= Cape Colonial Forces =

Defence organisation of the Cape Colony in South Africa

The Cape Colonial Forces (CCF) were the official defence organisation of the Cape Colony in South Africa. Established in 1855, they were taken over by the Union of South Africa in 1910, and disbanded when the Union Defence Forces were formed in 1912.

==1855–1877==
===The early CCF under representative government===
The colonial forces were established after Britain granted the Cape Colony "representative government" in 1853. The colony was encouraged to assume some of the responsibility for its own defence, and in 1855 three separate military organisations were formed:
- the para-military Frontier Armed and Mounted Police (FAMP)
- the Burgher Force
- the Volunteer Force

The FAMP was responsible for maintaining law and order in the districts along the frontier with the Xhosa territories in the Transkei. The Burgher Force was a district-based militia, whose units could be mobilised when necessary to maintain order in their home districts. The Volunteer Force was also district-based, but consisted of privately formed and self-financed units which placed their services at the government's disposal.

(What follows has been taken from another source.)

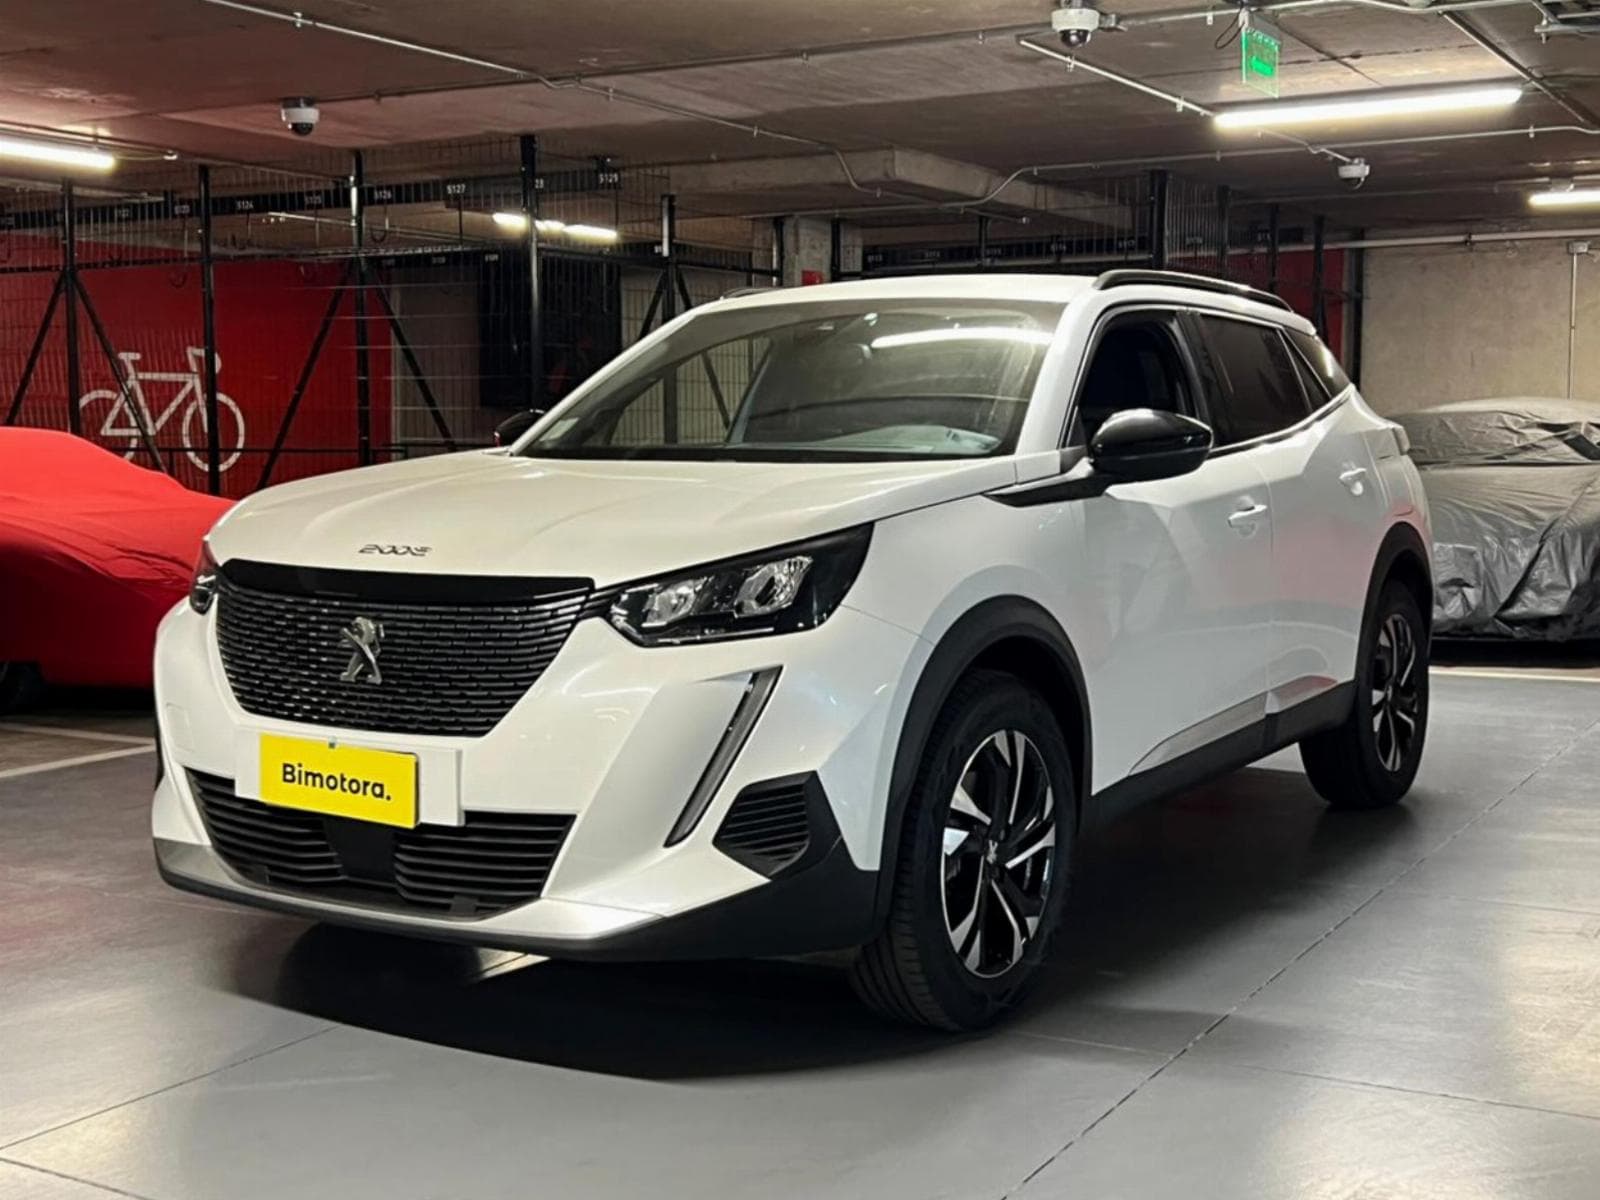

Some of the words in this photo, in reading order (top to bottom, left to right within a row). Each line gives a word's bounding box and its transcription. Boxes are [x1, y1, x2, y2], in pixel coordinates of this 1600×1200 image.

[447, 184, 466, 194] S127
[236, 200, 254, 210] S124
[282, 763, 391, 801] Bimotora.
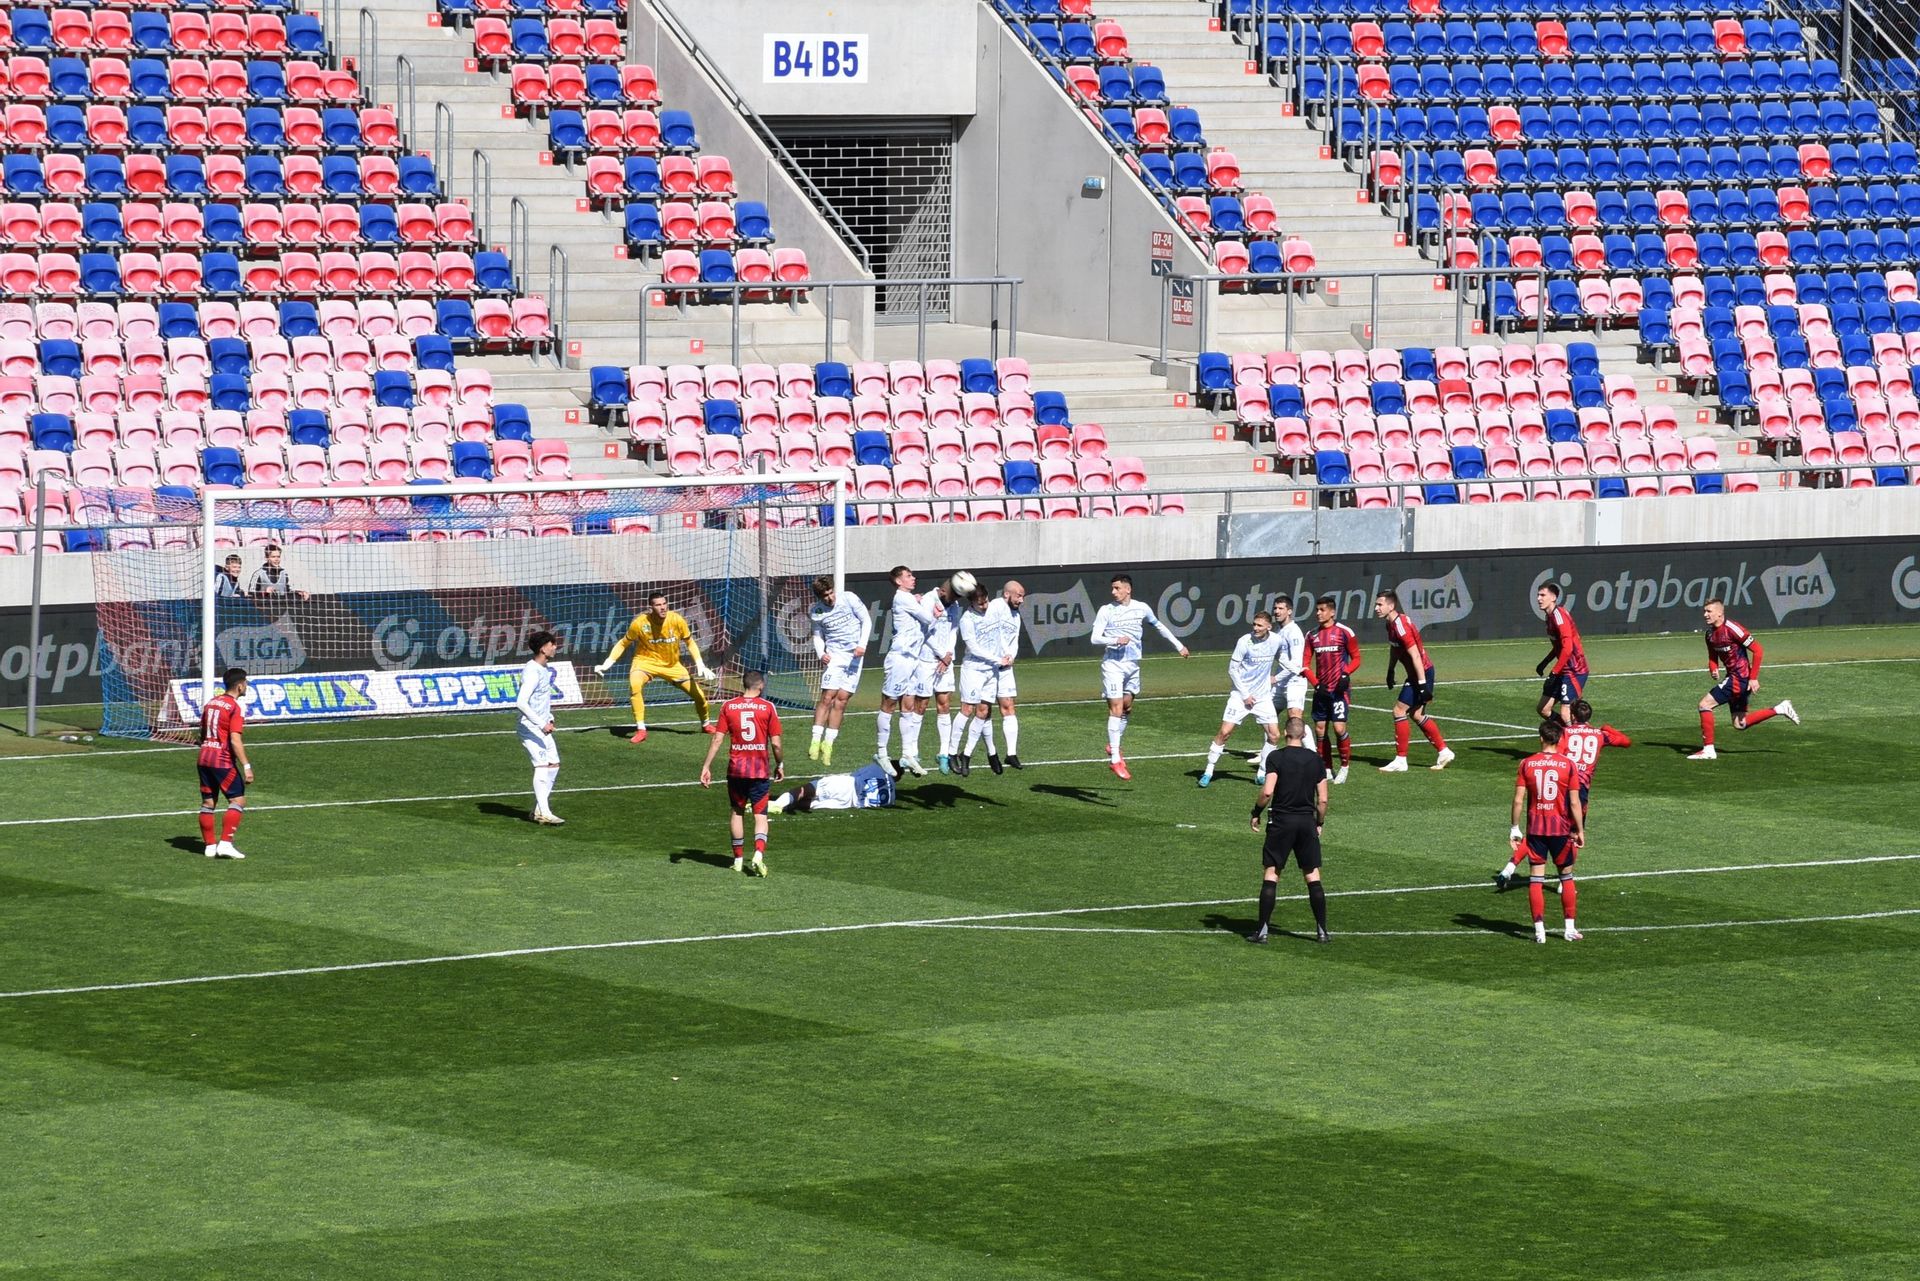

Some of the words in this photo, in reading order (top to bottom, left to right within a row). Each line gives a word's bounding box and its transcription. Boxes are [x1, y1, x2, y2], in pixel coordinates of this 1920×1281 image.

About three dozen volunteer units were formed between 1855 and 1861. They included:
- the Cape Rifle Corps (later the Duke of Edinburgh's Own Volunteer Rifles) (1855– )
- the Port Elizabeth Rifles (later Prince Alfred's Guard) (1856– )
- the Cape Town Artillery (later Prince Alfred's Own Cape Field Artillery) (1857– )
- the Port Elizabeth Volunteer Artillery (1860–1879)

In 1858, the FAMP was mobilised to restore order in the Transkei, after a wave of cattle-killing and crop-destruction by the Xhosa, following a prophecy that this would make the Whites disappear.

The Volunteer Force collapsed in the early 1860s, during an economic recession which made part-time soldiering unaffordable. By 1867, only a handful of units were left, in Cape Town and Port Elizabeth. Although the economy recovered after diamonds were discovered in Griqualand West in 1869, the Volunteer Force remained dormant.

===The CCF under responsible government===
A degree of independence from Britain was achieved in 1872, when the Cape Colony attained "Responsible government" under the leadership of its first Prime Minister, John Molteno.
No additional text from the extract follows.